Through that experience, I came to understand a fundamental consequence of discrimination – the denial of equal rights to any marginalized group. Becoming her true self unlocked so much potential in my daughter. How much potential is lost to our society when we deny any people, any group, the right to live lives free of the discrimination that limits potential?
Having close friends who are gay and teaching 10 years in the college bubble where young people seem much more tolerant, it would be easy to think we have turned the corner on gay and trans rights. Much needed focus on issues facing other marginalized groups also has served to push gay rights off the front burner, at least for now.
But that is so wrong. Make no mistake, there are powerful forces in our society that want to turn back the clock to a time when being gay forced a person into that proverbial closet, suffocating potential. Some of those forces are religious. Some are political. Some are sincere, though I sincerely believe they are wrong. Others are opportunistic.
It was the stated and active policy of the Trump administration to retreat from legal protections afforded LGBTQ people in the workplace and in the courts. One of the rationales behind his Supreme Court-packing initiative was to establish a conservative majority that would go so far as to end legalized same-sex marriage. At the same time, the former president and his allies launched an all-out attack on trans people, often arguing there is no such thing as trans.
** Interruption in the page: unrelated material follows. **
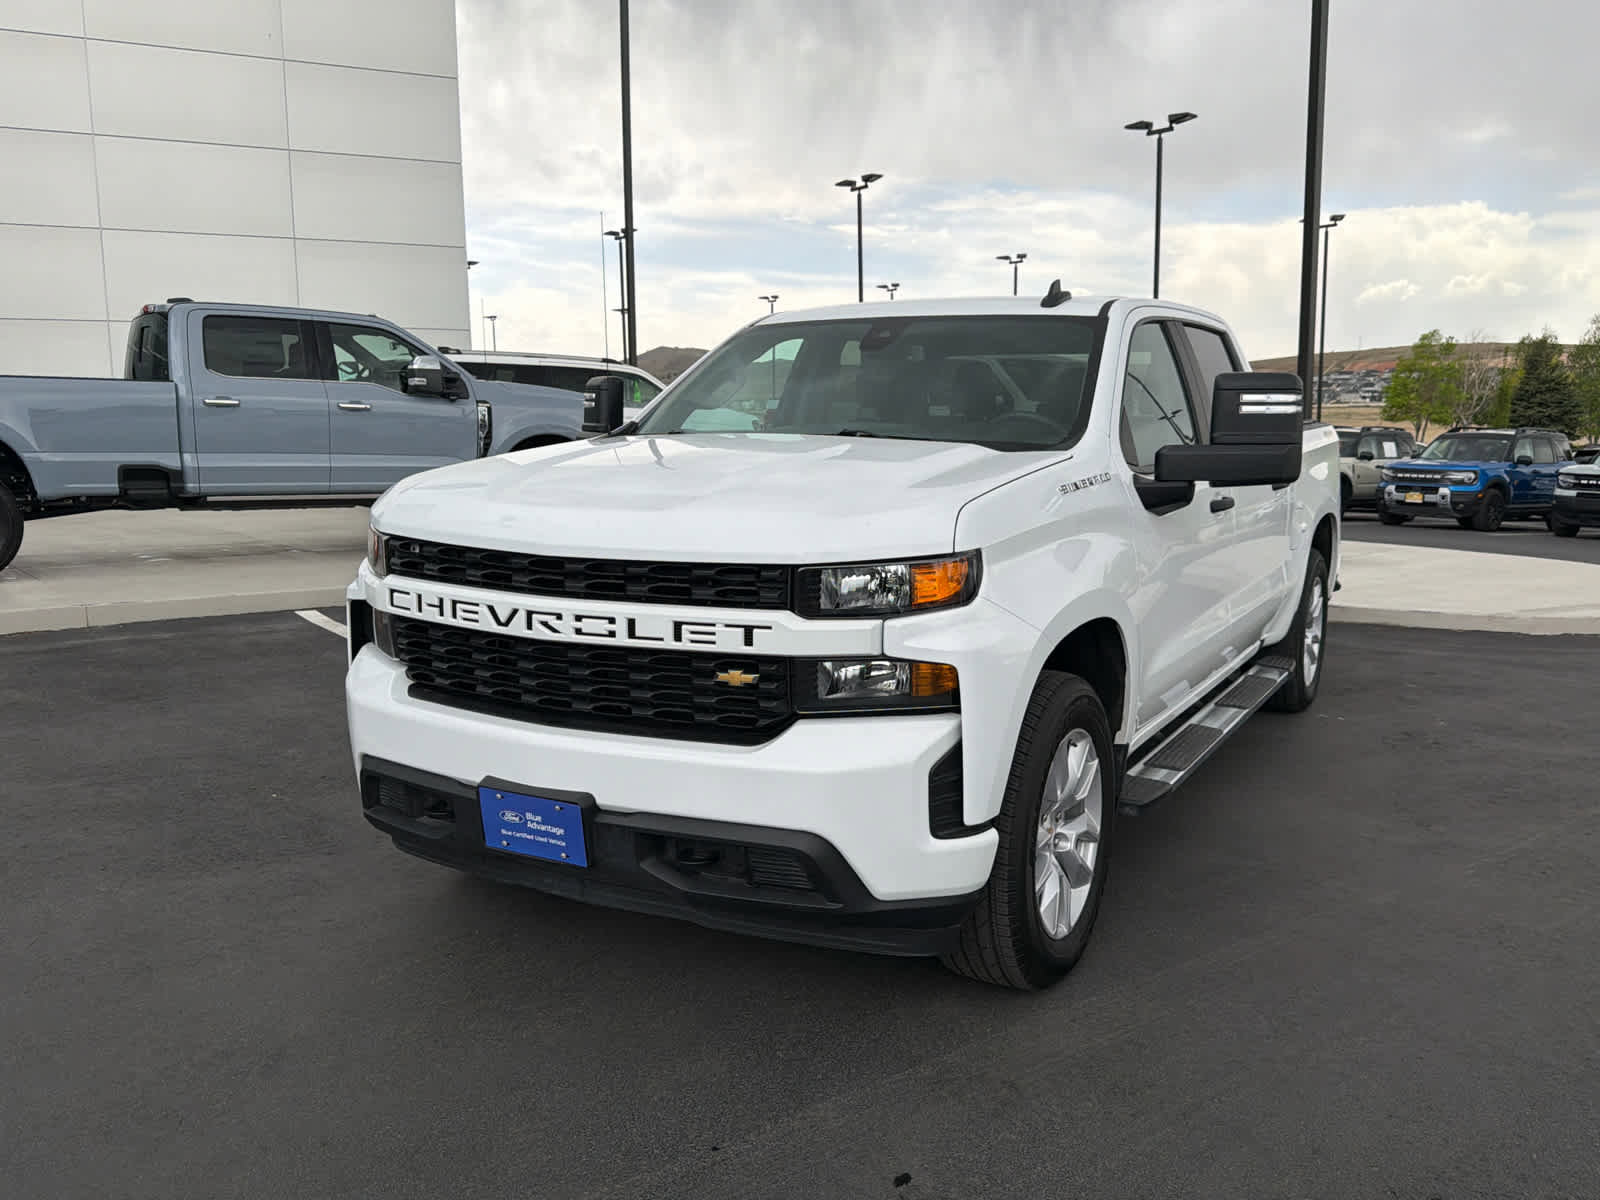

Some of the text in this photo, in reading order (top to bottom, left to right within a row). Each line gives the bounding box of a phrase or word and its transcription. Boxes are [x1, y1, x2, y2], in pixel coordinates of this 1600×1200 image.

[388, 588, 773, 647] CHEVROLET
[525, 812, 542, 823] Blue
[527, 821, 565, 835] Advantage
Tens of millions of Trump supporters were energized by the former president’s efforts. In recent months, my social media feed has seen more and more anti-gay posts and memes. A one-time high school friend is now part of a self-proclaimed feminist movement that argues the fight for trans rights is simply the patriarchy attempting to limit the role of women, or worse, eliminate women altogether.
As we have seen with the political assault on Black rights, on Asian and Pacific Islander rights, on Muslim rights, on Latinx rights, the fight to end discrimination is never really won. Progress on one front is always followed by retreat on another. Progressives should keep that in mind as Trump Republicans fight to regain control of government that would open the door to new assaults on equal rights.
Yes, June is Pride Month. Because of the pandemic, there will be no actual parade this month, though organizers say an October event is possible. It does not matter when. In a virtual sense, at least, I will still be there with my daughter.
Leaving college, Alissa worked a few typical post-grad jobs, then became a journalist and editor. Earlier this year, she became communications director for a Colorado Springs nonprofit that supports LGBTQ youth. She is an outspoken community leader, always advocating equal rights for all.
June is Gay Pride Month. It is a good time to remind myself and any others who care to listen that I am so, so proud of my gay daughter.